Furthermore, Appellant counsel alleged that the evidence of PW2, from the record of the court, as per whether Exhibit ‘A’ was executed in his presence in 1961, whether he obtained exhibit ‘A’ from Ekiti Local Government and PW2’s inability to ascertain which exhibit between Exhibit C and A was made, as can be seen in pages 157,lines 11 and 12, page 157 lines 9- 16, page 158 (2nd to the last line) page 157 lines 28 and 29, and page 157 lines 20 and 21 of the record respectively, the evidence of PW2 should not have been believed on the premise that he is not a witness of truth. He cited the case of AYANWALE V. ATANDA (1988) 1 SCNJ, PAGE 1 AT 13, to buttress his point that when the credibility of a witness is destroyed, the evidence of the witness loses cogency.
Furthermore, the learned trial judge, as stated by the Appellants counsel, held that the Aofin family and the Appellant could not be heard to-claim that the land granted to the respondent, was limited to the latter’s old church and mission house by virtue of the fact that they had allowed the respondent to put up a new church building on a piece of land beyond the original grant. The Appellant counsel states that the hypothesis cannot hold water, because, by the uncontroverted evidence of DW1 contained at page 50 (2nd reference) of the record, where DW1 stated,
“Few years ago, after I had become the head of Ile Aofin I noticed the claimant erecting another building on the parcel of land next to the one given to her. I challenged her authority, but appeals came from different quarters which I considered more especially, because of my relationship with members of the claimant’s church.”
None of the respondent’s witnesses disproved the above, and on the authority of OBEMBE Vs WEMABOD (1975) 5 SC PG.115 AT 140, OGUMA Vs. IBWA (1988) 3 SCNJ (PT.1) 13 AT 33-34 AND MODUPE VS. THE STATE (1988) 9 SCNJ PG 1 AT 4, all to the effect that an unchallenged and uncontradicted evidence must be accepted and acted upon.

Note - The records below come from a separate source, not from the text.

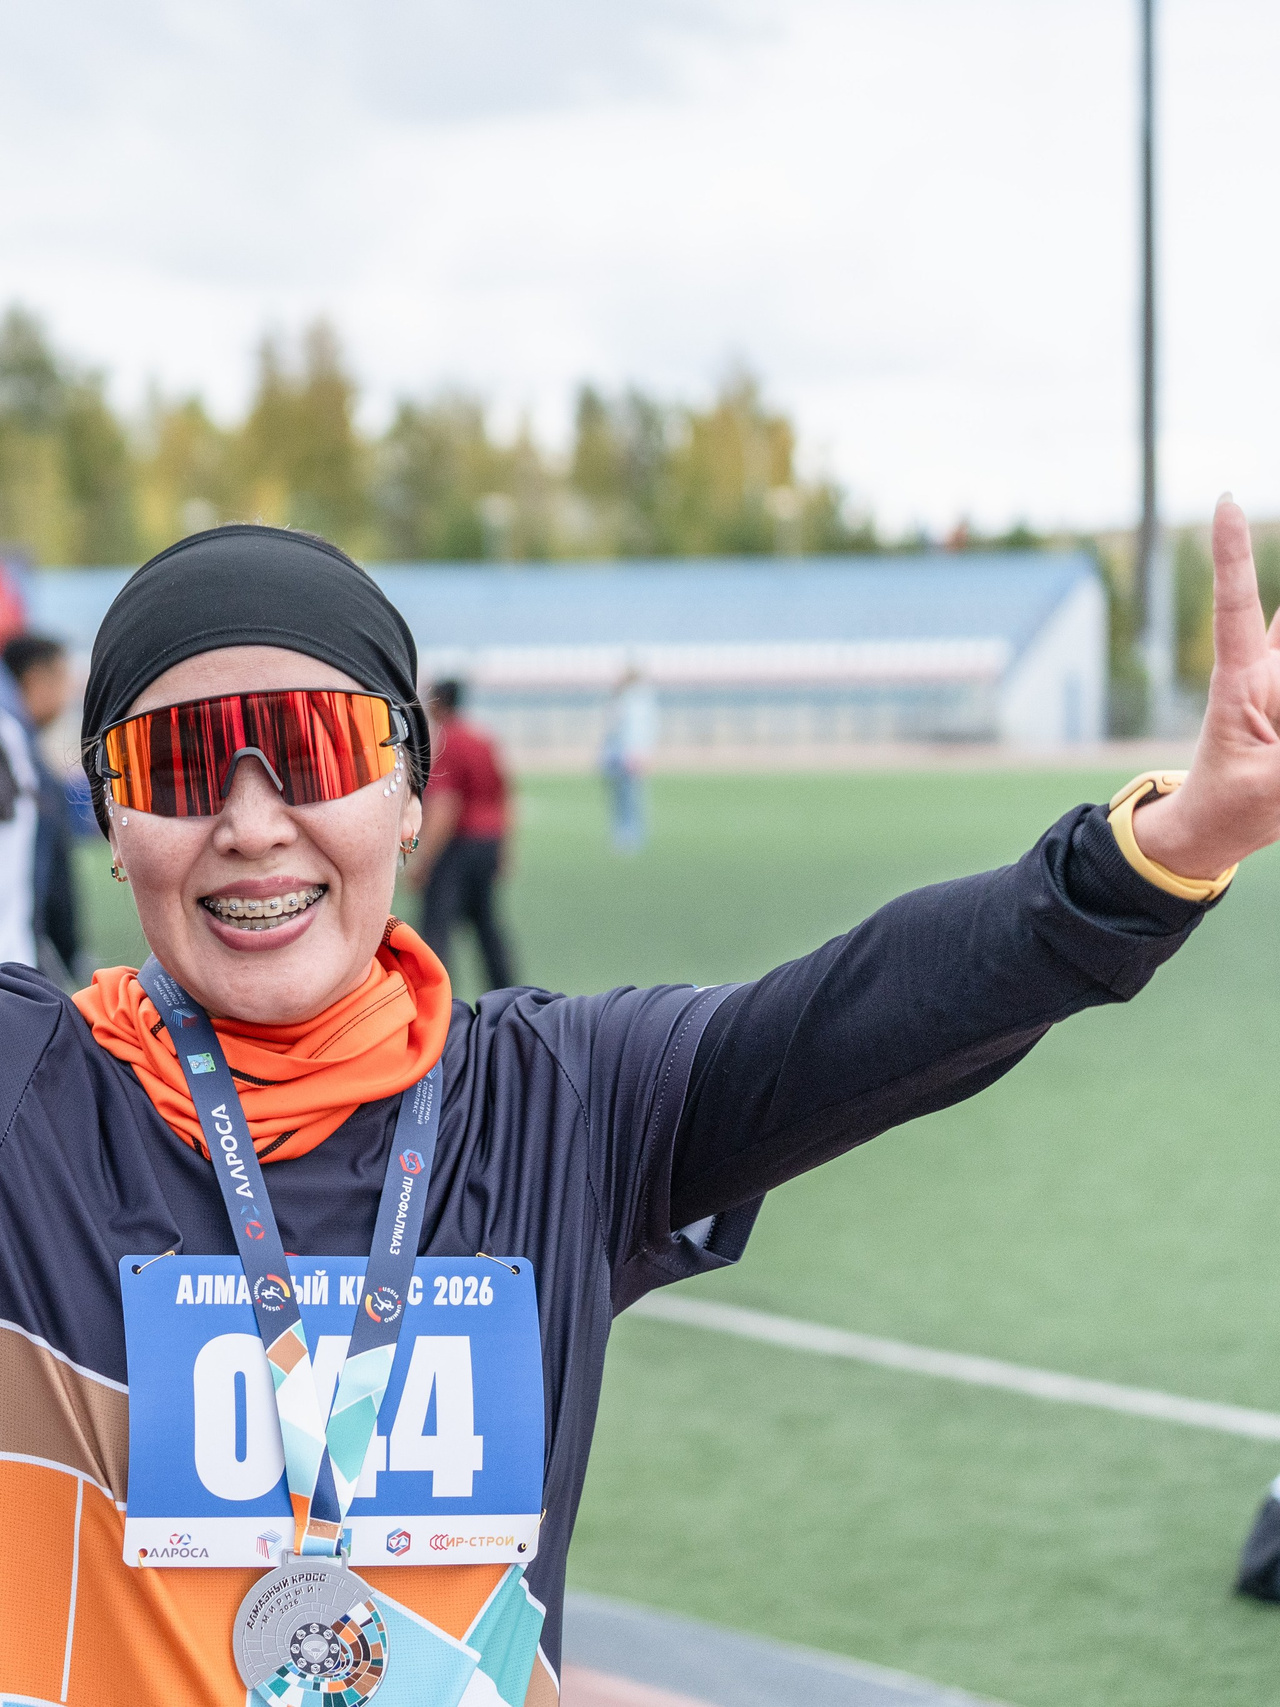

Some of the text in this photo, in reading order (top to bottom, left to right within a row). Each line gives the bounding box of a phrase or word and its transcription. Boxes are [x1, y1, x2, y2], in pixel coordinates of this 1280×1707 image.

[211, 1103, 254, 1199] АЛРОСА
[389, 1176, 414, 1256] ПРОФАЛМАЗ
[175, 1269, 329, 1305] АЛМАЫЙ
[433, 1276, 494, 1306] 2026
[246, 1572, 327, 1630] АЛМАЗНЫЙ КРОСС
[261, 1584, 314, 1624] МИРНЫЙ
[279, 1598, 300, 1614] 2026

Appellants counsel stated that the case of the respondent at the trial is that she is entitled to the grant of 13, 312 square metres of land, claimed by the Appellant, by reason of the acquiescence of the land by the erection of the new church building, but rather her case is that she obtained the grant of 13, 312 square metres of land, which was evidenced in a title document and admitted in evidence as Exhibit A in this case. That this is the case the trial judge should have allowed the respondent to swim or sink with.

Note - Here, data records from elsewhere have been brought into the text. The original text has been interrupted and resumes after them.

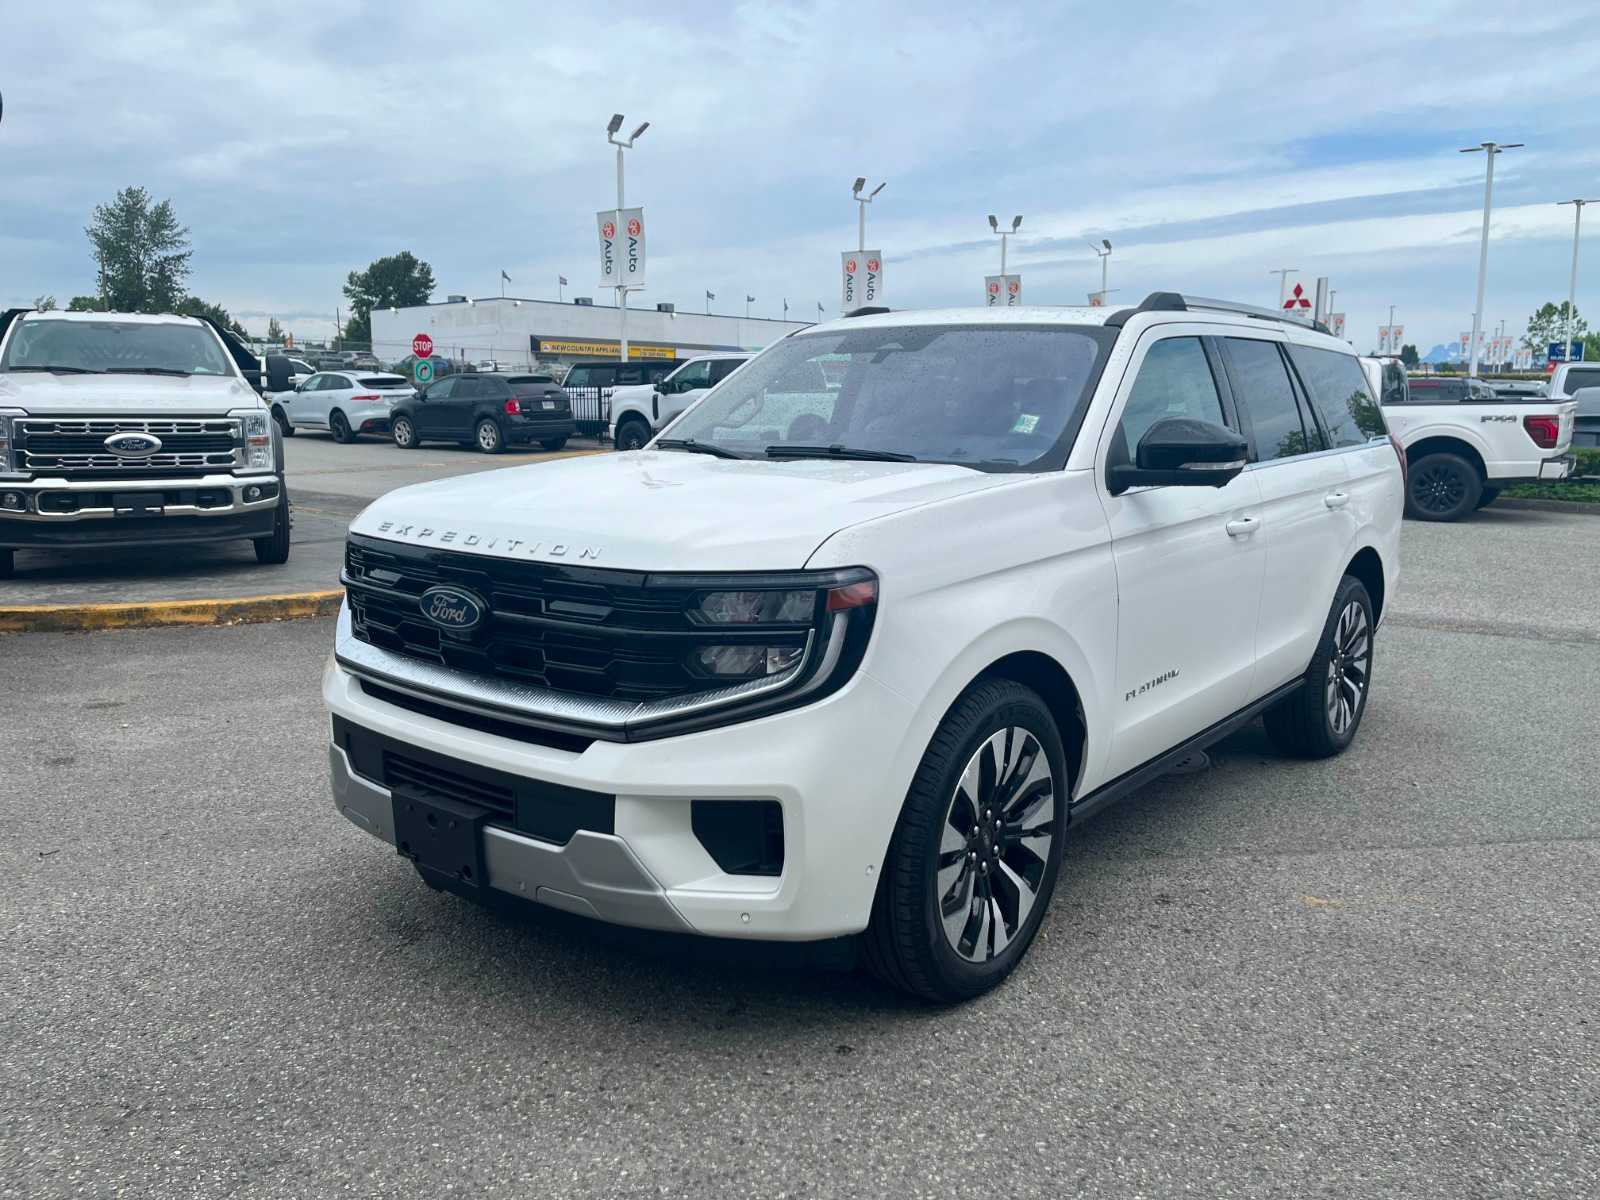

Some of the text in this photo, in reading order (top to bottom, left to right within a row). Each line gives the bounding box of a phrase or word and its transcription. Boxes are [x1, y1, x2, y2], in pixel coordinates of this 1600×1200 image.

[604, 239, 614, 275] Auto
[628, 236, 639, 273] Auto
[846, 273, 854, 302] Auto
[866, 272, 877, 301] Auto
[414, 341, 432, 351] STOP
[377, 522, 602, 560] EXPEDITION
[431, 594, 467, 623] Ford

The Appellants counsel concluded that “based-on the trial court findings, the dimension of land granted to the respondent as at 1961 is uncertain, and by the oral and documentary evidence adduced in this case, that there is no evidence that the respondent was in lawful or exclusive possession of land covering 13, 312 square metres, therefore, the contra-holding of the court below is misplaced, because by the authority of KODILINYE Vs ODU (1935) 2 WACA 336 and UKAEGBU Vs NWOLOLO (SUPRA) AT 1881, for a claim of this nature, a plaintiff must succeed on the strength of his own case and not on the weakness of the case of the adversary. ;
Appellant’s counsel urged this court to answer the issue in the affirmative. The learned silk, Chief P.A.O OLORUNNISGLA on his own part and in line with his issue on whether there are sufficient pleadings to support evidence in respect of measurement of the given land.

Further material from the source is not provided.